BP, the world's second-largest oil company, said it would replace 26km of pipeline that carries oil from Prudhoe Bay to the nearly 1,300km Trans-Alaska Pipeline. The Prudhoe Bay field accounts for 8 percent of US domestic output.
"We obviously apologize for the impact this is having on people, and we regret having to take these actions, but our focus is on safe operations and environmental protection, and that's the reason why we've undertaken the action we have," BP spokesman Neil Chapman said.
BP and the US authorities have until today to decide whether the company can maintain some production at the Alaskan oilfield. BP said it was working on two plans, one involving total shutdown of the 400,000bpd field which provides 8 percent of US production, and a second allowing it to keep oil flowing from the western side of the 101,000-hectare site.
"While we have one plan moving forward for the orderly shutdown, we also have a second independent, but parallel plan to look at the possibilities of safely keeping portions of the field operating," Bob Malone, chairman and president of BP America, said.
Decision awaited
BP is carrying out further inspections of 300m of pipe in the western section to assess whether it can continue production, which would run at just under 200,000bpd. The authorities and the company have to reach a conclusion by the weekend, when its shutdown plan is due to be triggered.
"We will be making a decision with the federal and state governments by Friday [today] as to whether we need to continue to take down that line for safety purposes or whether we can maintain production," Malone told US energy analysts in a conference call.
BP has not said how long it expects the replacement programme to take but the US Energy Information Administration said on Tuesday if the field was shut down in its entirety, full production might not be restored until January.
"This production outage forecast is based on BP's initial estimate that the shutdown would last `several' months. Our forecast could change as new information becomes available," the EIA said.
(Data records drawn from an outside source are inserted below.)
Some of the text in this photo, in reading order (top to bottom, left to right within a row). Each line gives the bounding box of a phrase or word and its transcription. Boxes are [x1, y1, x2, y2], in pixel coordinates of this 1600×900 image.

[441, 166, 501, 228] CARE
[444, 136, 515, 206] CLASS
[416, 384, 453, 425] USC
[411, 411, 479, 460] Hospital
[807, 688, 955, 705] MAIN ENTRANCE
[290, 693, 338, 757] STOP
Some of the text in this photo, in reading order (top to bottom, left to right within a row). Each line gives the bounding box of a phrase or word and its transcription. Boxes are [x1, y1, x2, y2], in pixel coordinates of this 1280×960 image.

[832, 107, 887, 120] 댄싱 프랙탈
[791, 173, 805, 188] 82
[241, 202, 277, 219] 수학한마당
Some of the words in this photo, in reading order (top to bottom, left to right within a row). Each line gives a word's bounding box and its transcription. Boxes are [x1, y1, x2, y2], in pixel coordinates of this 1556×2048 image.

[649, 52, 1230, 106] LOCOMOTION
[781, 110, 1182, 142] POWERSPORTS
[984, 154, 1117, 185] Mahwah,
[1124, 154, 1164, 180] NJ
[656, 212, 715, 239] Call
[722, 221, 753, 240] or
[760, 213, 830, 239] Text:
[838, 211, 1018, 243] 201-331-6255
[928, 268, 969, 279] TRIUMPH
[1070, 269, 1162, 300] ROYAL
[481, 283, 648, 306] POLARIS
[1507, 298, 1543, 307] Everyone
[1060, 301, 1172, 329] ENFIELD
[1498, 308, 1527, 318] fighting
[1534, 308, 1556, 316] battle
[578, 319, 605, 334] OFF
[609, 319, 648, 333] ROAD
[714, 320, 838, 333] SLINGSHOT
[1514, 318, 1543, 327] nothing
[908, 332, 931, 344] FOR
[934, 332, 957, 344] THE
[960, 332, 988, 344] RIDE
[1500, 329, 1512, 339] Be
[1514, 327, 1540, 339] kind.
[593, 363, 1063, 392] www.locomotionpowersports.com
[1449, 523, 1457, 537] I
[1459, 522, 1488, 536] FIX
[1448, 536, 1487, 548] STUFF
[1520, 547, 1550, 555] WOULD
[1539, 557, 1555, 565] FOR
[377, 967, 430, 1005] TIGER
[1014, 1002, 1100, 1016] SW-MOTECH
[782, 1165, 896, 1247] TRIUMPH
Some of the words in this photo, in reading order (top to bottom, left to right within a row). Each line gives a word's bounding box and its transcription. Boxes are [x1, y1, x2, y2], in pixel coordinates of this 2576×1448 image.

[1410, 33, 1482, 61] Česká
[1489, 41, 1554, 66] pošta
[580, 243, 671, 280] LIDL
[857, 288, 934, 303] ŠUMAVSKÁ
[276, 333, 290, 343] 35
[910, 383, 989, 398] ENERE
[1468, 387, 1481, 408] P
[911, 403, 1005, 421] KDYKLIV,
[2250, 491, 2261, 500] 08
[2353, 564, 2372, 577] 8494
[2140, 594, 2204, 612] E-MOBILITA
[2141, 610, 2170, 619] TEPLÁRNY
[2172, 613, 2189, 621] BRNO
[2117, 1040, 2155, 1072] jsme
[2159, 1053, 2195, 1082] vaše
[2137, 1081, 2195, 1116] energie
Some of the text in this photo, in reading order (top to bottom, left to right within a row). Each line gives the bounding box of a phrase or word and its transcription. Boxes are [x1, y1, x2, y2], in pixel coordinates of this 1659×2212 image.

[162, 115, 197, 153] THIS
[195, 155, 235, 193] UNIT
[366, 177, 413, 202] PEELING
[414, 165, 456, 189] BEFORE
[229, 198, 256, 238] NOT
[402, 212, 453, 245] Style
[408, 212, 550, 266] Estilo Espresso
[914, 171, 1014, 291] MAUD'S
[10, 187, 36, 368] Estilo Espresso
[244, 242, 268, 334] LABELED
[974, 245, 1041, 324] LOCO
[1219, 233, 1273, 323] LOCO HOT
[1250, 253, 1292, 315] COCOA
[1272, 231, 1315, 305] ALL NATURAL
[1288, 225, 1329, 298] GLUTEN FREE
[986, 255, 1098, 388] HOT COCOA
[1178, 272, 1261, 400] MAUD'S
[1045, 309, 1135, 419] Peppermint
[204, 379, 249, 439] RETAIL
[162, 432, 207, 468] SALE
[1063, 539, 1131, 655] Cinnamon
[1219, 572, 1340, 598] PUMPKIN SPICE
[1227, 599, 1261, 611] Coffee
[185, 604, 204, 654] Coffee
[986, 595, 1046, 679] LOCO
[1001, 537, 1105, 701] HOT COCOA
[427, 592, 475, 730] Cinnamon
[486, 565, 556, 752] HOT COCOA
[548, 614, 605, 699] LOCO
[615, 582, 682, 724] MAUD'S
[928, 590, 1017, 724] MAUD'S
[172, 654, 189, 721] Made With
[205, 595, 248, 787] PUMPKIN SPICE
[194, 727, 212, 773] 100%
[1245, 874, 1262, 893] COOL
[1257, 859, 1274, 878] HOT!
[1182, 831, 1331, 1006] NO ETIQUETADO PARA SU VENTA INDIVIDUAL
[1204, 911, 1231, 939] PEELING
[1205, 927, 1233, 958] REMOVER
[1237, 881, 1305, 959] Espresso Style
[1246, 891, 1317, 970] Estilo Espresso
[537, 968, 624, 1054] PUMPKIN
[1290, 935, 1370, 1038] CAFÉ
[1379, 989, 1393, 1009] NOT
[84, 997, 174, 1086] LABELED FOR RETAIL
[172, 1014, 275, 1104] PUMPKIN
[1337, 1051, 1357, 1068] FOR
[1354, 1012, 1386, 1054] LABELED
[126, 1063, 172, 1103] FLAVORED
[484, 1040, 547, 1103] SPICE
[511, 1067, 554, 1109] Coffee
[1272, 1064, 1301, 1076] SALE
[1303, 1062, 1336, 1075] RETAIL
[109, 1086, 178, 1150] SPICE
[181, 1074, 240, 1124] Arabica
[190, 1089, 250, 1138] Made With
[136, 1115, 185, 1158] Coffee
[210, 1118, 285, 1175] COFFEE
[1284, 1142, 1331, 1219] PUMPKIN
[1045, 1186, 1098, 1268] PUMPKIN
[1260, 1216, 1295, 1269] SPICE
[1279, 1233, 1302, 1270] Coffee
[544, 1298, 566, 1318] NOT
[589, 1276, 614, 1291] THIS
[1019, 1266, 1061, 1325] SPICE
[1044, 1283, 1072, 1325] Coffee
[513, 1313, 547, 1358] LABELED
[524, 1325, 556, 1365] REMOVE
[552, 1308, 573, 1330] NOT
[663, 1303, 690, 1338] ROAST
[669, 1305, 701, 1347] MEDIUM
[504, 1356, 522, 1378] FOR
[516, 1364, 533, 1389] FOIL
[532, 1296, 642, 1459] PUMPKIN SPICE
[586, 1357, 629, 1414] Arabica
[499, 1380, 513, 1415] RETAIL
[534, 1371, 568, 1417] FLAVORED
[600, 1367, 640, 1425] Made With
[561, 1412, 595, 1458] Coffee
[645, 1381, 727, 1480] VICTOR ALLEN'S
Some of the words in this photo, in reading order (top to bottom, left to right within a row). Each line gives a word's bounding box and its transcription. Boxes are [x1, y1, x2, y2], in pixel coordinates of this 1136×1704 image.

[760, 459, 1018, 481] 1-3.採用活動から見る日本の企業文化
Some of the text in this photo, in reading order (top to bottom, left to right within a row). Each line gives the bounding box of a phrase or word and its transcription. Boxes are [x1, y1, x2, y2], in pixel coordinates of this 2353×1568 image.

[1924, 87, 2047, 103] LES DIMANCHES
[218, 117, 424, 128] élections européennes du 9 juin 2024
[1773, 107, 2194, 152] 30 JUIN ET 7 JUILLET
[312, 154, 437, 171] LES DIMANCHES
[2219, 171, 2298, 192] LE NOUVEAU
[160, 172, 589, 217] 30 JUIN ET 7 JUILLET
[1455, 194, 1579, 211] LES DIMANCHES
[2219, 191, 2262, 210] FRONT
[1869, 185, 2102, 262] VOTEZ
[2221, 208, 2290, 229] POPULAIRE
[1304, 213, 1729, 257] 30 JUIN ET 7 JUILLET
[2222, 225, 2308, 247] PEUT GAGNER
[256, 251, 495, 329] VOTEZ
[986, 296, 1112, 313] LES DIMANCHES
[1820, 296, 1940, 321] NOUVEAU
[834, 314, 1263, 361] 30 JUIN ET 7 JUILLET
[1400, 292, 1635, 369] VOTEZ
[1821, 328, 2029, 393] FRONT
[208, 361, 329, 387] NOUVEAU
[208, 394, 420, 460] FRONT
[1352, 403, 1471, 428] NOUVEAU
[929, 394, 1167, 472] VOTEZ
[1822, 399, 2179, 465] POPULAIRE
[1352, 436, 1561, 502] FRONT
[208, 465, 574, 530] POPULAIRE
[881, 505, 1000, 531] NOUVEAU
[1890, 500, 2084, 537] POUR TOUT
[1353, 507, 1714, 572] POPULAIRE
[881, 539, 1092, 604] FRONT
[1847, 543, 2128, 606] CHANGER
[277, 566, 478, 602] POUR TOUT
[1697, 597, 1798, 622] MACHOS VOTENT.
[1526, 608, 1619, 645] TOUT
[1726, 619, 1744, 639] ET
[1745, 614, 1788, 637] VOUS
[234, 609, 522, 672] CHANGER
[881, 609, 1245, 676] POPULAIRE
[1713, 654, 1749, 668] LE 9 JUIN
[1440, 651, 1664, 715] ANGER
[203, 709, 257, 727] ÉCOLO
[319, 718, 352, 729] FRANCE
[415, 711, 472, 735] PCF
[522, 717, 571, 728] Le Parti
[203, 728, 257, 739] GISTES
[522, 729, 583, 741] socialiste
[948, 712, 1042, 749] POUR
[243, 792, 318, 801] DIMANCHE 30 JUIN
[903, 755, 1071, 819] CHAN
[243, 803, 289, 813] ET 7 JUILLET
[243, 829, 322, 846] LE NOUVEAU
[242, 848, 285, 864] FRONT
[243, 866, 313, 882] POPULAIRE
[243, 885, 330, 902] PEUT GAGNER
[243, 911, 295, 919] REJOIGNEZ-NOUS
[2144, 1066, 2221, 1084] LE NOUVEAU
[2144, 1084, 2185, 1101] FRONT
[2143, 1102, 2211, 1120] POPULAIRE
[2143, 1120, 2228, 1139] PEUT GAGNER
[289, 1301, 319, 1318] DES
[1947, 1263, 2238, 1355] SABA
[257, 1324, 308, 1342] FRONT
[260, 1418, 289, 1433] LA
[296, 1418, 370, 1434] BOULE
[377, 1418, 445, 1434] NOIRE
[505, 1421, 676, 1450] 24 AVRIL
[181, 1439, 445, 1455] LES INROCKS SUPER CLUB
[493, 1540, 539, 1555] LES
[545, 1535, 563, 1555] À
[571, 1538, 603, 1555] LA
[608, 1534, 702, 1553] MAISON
Steve Marshall, president of BP Exploration Alaska, told a conference call that the onset of the Alaskan winter would help rather than hinder the company's replacement program.
"We are far more restricted in the summer months when the tundra is unprotected by a layer of snow and ice. The winter is our friend when it comes to the construction and installation of new equipment and pipe. Productivity does slow down when the temperatures approach minus 60 degrees, but that is several months away," Marshall said.
BP said it was unable to calculate how much the shutdown would cost. Head of investor relations Fergus MacLeod noted that BP's share of the field's production ran at about 100,000bpd and its second-quarter net profit margin was US$25 a barrel.